Method: The semi-structured interviews were conducted with six DM students and six SW students. Thematic analysis of the transcripts was then conducted, with a focus on 1) how the school shaped their perception towards the oral health 2) Social Determinants of Oral Health(SDOH).
Results:
DMs were more exposed to the curriculums emphasizing its functional aspects and its connection to systemic health with different approach of learning including interdisciplinary seminars or group discussions. DMs also acknowledged the concern of their faculties regarding oral health disparities and witnessed these values translated into clinical practice. However, none of SWs had had a conversation with their classmates or faculties, only discussion on general health disparity, thus acknowledging oral health was narrow on superficial aspects like teeth, gums, and basic hygiene practices. When asking about the primary factors influencing oral health, both groups stated Medicaid coverage, low reimbursement rates and transportation/accessibility. Other than that, SMs mentioned childcare, mental issues, and a lack of priority. DMs pointed out the fear/anxiety, time pressure, and financial challenges. Also, all DMs mentioned high tuition fee, which made them prioritize the profit over the patients care. DMs stated that the financial burden of student loans may influence oral hygiene education and insurance preferences, with dentists potentially prioritizing patients covered by insurance plans offering higher reimbursement fees. Both disciplines expressed a sense of responsibility within their respective professions, but DMs in particular highlighted the need for a bridging profession, like social workers, capable of addressing the challenges faced by patients coming to dental clinics. Additionally, DMs noted policy advocacy to address high tuition fees, such as offering subsidies to graduates working in underserved areas, which could help reduce oral health disparities.
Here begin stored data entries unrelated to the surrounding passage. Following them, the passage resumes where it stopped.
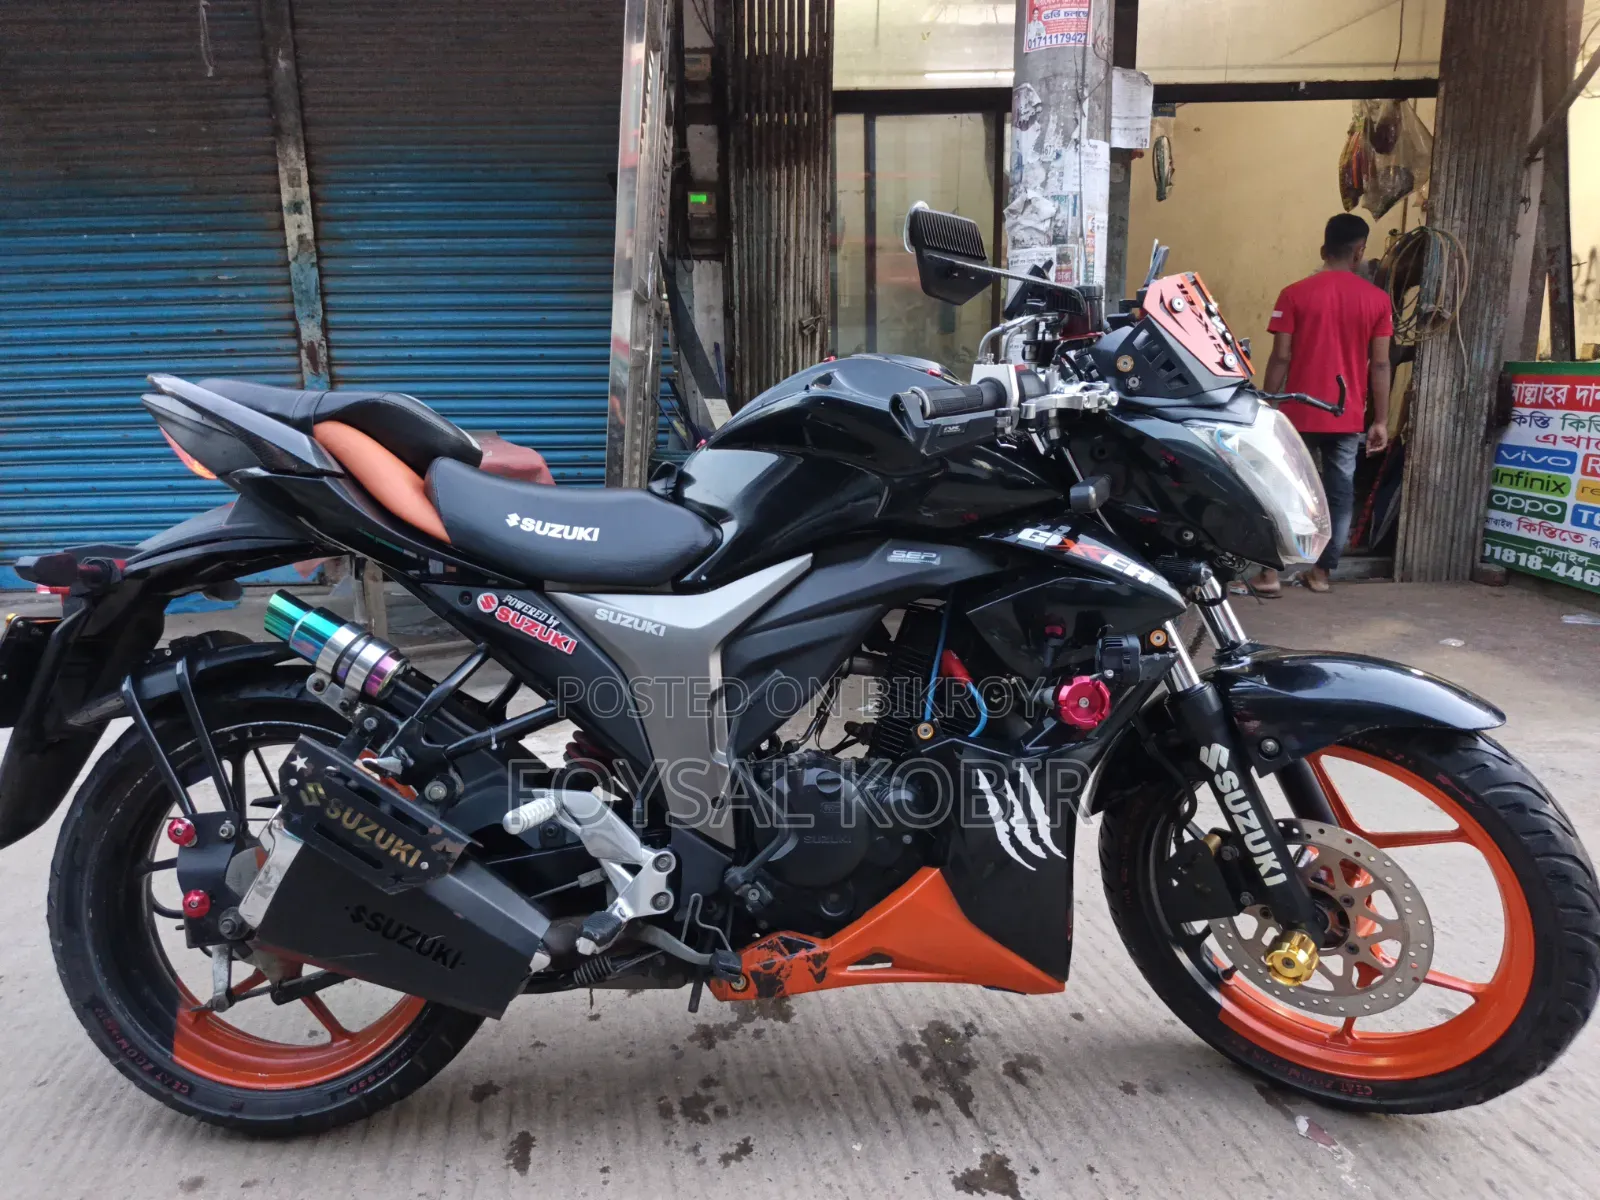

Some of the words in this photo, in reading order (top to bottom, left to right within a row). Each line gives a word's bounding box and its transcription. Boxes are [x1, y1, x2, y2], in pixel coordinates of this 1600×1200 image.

[1501, 450, 1571, 467] vivo
[1494, 469, 1567, 495] Infinix
[520, 517, 600, 542] SUZUKI
[890, 549, 937, 560] SEP
[1017, 527, 1155, 584] GIXXER
[502, 594, 549, 622] POWERED
[547, 612, 560, 629] by
[594, 607, 667, 637] SUZUKI
[494, 604, 578, 655] SUZUKI
[326, 800, 422, 869] SUZUKI
[1214, 770, 1288, 887] SUZUKI
[367, 912, 464, 971] SUZUKI
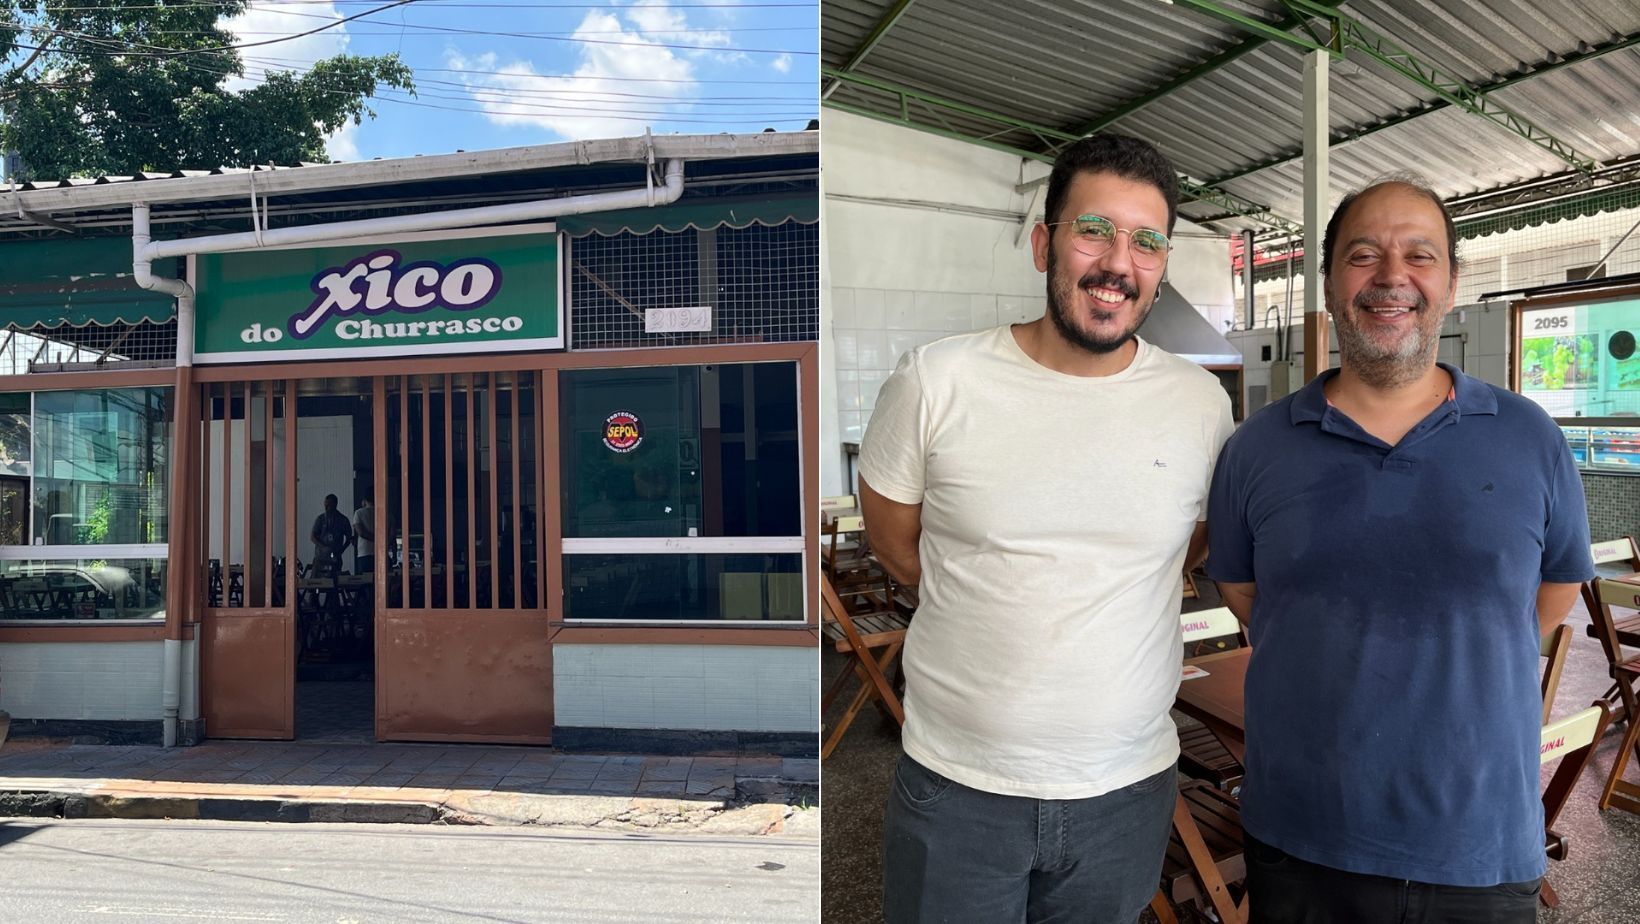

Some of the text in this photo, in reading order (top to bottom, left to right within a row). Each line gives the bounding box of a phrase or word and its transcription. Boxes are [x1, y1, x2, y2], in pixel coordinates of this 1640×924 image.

[240, 315, 524, 343] do Churrasco
[1534, 316, 1568, 330] 2095
[606, 411, 638, 423] PROTEGIDO
[607, 426, 638, 438] SEPOL
[1540, 736, 1565, 754] GINAL
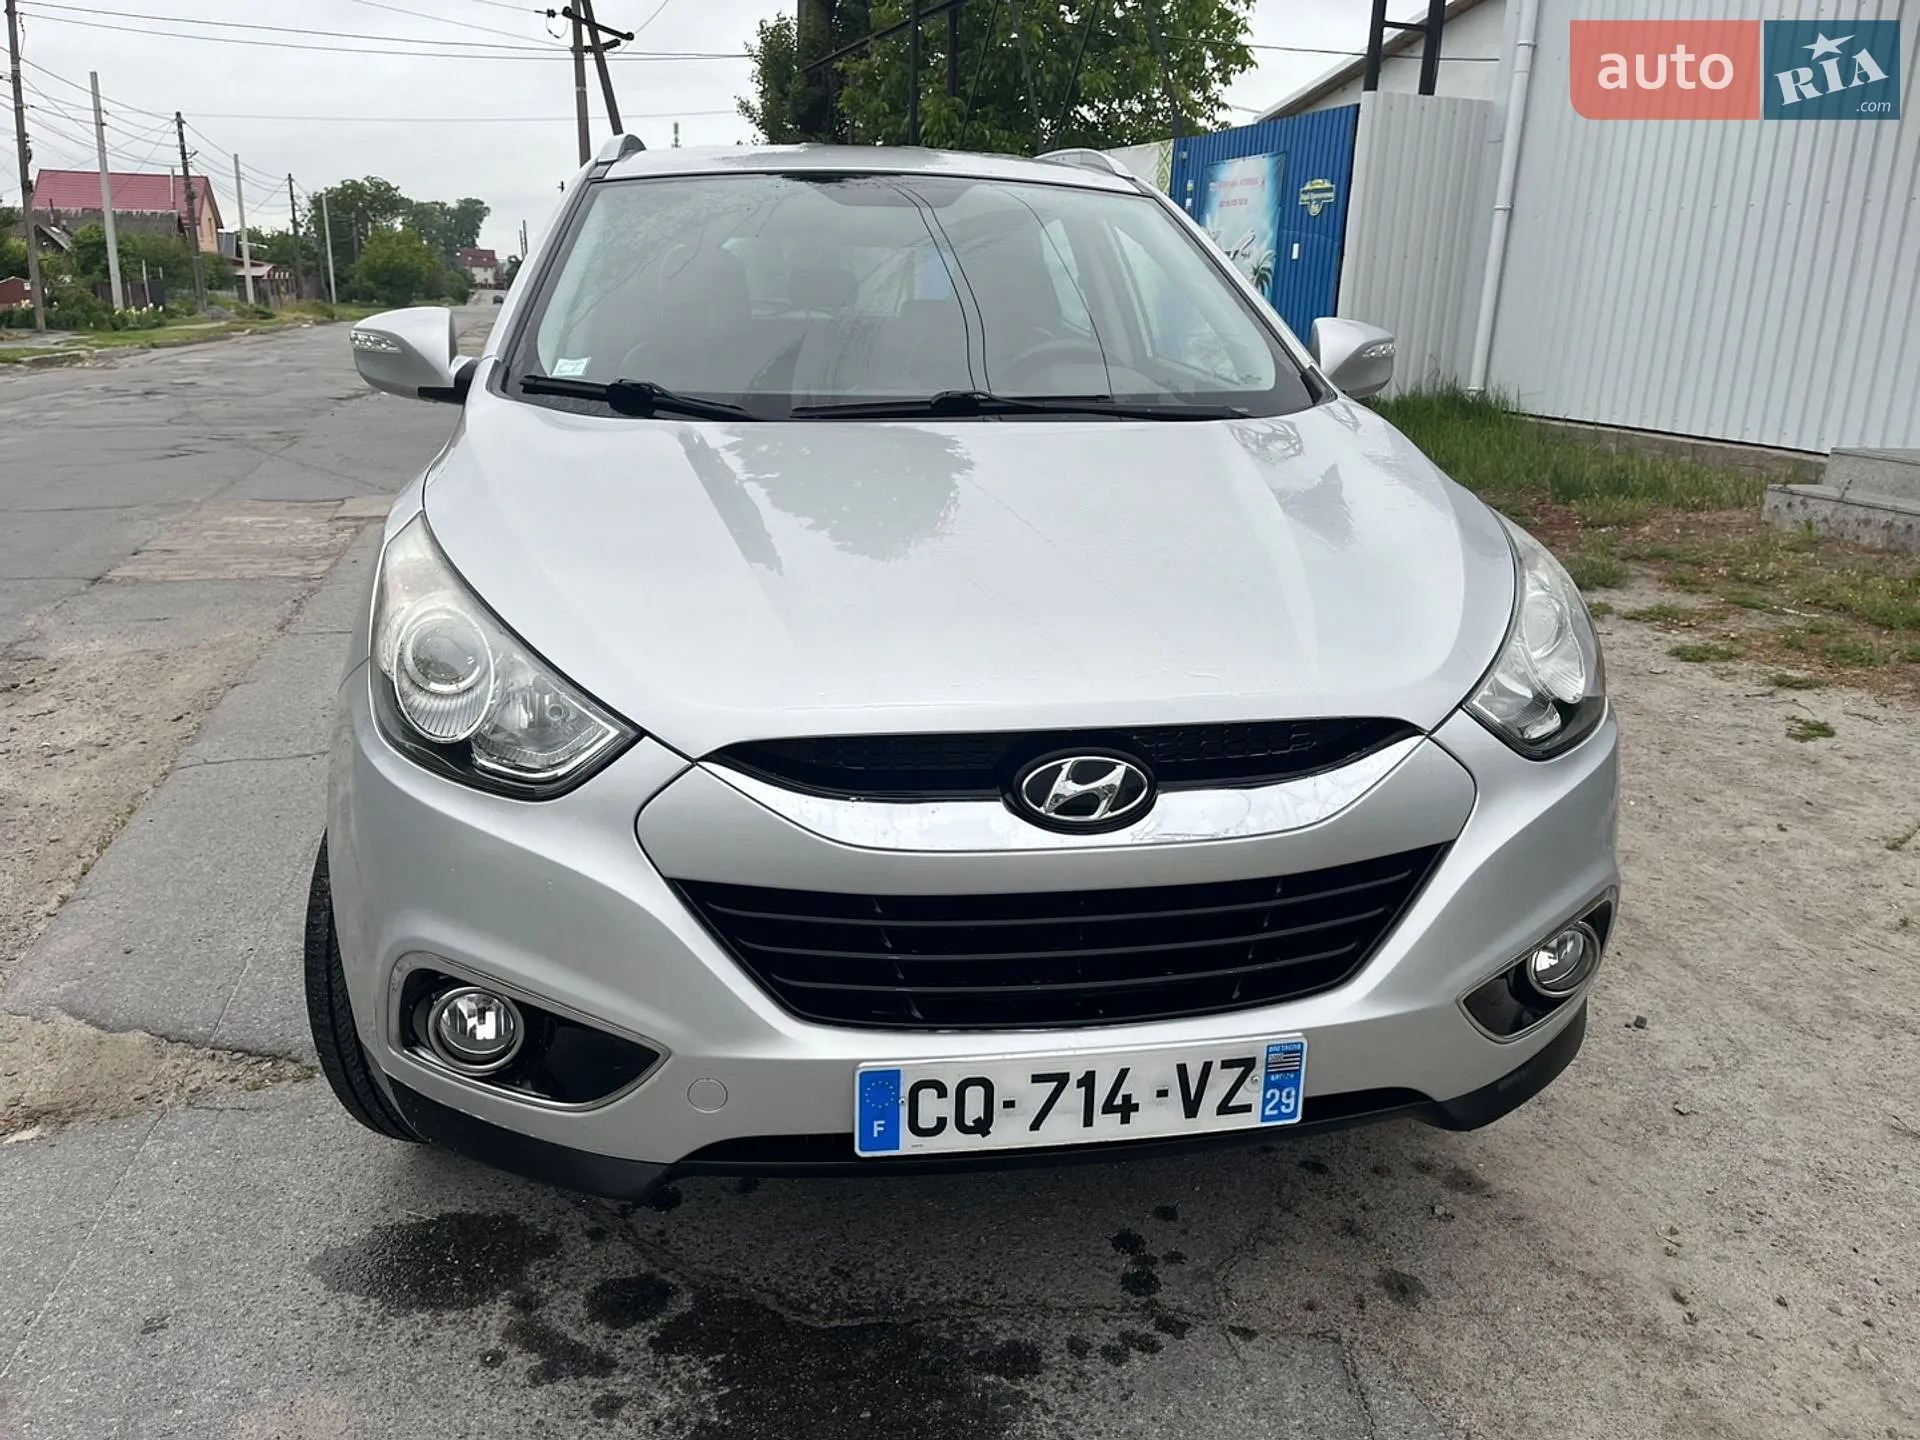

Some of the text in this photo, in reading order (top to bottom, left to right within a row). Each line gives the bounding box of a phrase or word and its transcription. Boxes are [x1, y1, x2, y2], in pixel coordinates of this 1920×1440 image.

[908, 1056, 1257, 1138] CQ-714-VZ
[1264, 1086, 1296, 1116] 29
[873, 1120, 885, 1137] F
Conclusion: There was non-identical understanding of oral health depending on their disciplines, which caused a gap of depth of perception on oral health disparity and SDOH. The findings support the idea that efforts should be made to foster dialogue and knowledge-sharing between dental and social work faculties to enhance understanding and collaboration on oral health issues. Also, the findings highlighted the need for a bridging profession, integrating social workers into dental practices to address social factors affecting oral health. Finally, there was a need to advocate for programs addressing DMs' student loan pressure and improving dental clinic accessibility in underserved areas, both identified as significant SDOH.